### Problem
Extract all of the data and reproduce it precisely.

### Record excerpts
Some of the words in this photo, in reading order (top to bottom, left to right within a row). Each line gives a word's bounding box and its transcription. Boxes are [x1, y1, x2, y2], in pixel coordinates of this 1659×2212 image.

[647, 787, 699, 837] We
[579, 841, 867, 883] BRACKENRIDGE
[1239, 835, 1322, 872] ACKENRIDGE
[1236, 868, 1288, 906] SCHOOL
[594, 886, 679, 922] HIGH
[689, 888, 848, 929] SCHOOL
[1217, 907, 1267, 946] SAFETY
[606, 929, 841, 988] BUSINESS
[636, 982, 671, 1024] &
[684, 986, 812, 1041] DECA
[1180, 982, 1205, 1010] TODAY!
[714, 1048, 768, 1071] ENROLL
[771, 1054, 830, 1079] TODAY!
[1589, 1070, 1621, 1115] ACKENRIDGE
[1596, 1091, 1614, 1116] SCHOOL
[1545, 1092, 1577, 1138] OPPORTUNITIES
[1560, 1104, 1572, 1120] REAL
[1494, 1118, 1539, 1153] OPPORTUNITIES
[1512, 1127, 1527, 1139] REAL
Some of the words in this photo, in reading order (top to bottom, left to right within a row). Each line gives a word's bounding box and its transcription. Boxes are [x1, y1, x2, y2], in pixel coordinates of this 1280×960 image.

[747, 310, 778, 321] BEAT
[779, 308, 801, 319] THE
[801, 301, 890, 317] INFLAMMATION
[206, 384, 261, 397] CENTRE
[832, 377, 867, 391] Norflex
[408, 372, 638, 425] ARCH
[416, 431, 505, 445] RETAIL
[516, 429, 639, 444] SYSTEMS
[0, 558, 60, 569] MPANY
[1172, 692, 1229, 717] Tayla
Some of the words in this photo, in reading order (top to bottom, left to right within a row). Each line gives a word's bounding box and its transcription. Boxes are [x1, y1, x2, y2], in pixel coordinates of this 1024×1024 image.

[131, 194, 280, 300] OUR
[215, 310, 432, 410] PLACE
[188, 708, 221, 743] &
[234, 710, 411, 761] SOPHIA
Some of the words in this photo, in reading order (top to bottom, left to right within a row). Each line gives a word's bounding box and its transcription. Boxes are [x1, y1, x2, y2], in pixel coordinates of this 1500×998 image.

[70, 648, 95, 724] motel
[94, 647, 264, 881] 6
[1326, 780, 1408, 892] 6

### Result
Some of the words in this photo, in reading order (top to bottom, left to right within a row). Each line gives a word's bounding box and its transcription. Boxes are [x1, y1, x2, y2], in pixel coordinates of this 1659×2212 image.

[647, 787, 699, 837] We
[579, 841, 867, 883] BRACKENRIDGE
[1239, 835, 1322, 872] ACKENRIDGE
[1236, 868, 1288, 906] SCHOOL
[594, 886, 679, 922] HIGH
[689, 888, 848, 929] SCHOOL
[1217, 907, 1267, 946] SAFETY
[606, 929, 841, 988] BUSINESS
[636, 982, 671, 1024] &
[684, 986, 812, 1041] DECA
[1180, 982, 1205, 1010] TODAY!
[714, 1048, 768, 1071] ENROLL
[771, 1054, 830, 1079] TODAY!
[1589, 1070, 1621, 1115] ACKENRIDGE
[1596, 1091, 1614, 1116] SCHOOL
[1545, 1092, 1577, 1138] OPPORTUNITIES
[1560, 1104, 1572, 1120] REAL
[1494, 1118, 1539, 1153] OPPORTUNITIES
[1512, 1127, 1527, 1139] REAL
Some of the words in this photo, in reading order (top to bottom, left to right within a row). Each line gives a word's bounding box and its transcription. Boxes are [x1, y1, x2, y2], in pixel coordinates of this 1280×960 image.

[747, 310, 778, 321] BEAT
[779, 308, 801, 319] THE
[801, 301, 890, 317] INFLAMMATION
[206, 384, 261, 397] CENTRE
[832, 377, 867, 391] Norflex
[408, 372, 638, 425] ARCH
[416, 431, 505, 445] RETAIL
[516, 429, 639, 444] SYSTEMS
[0, 558, 60, 569] MPANY
[1172, 692, 1229, 717] Tayla
Some of the words in this photo, in reading order (top to bottom, left to right within a row). Each line gives a word's bounding box and its transcription. Boxes are [x1, y1, x2, y2], in pixel coordinates of this 1024×1024 image.

[131, 194, 280, 300] OUR
[215, 310, 432, 410] PLACE
[188, 708, 221, 743] &
[234, 710, 411, 761] SOPHIA
Some of the words in this photo, in reading order (top to bottom, left to right within a row). Each line gives a word's bounding box and its transcription. Boxes are [x1, y1, x2, y2], in pixel coordinates of this 1500×998 image.

[70, 648, 95, 724] motel
[94, 647, 264, 881] 6
[1326, 780, 1408, 892] 6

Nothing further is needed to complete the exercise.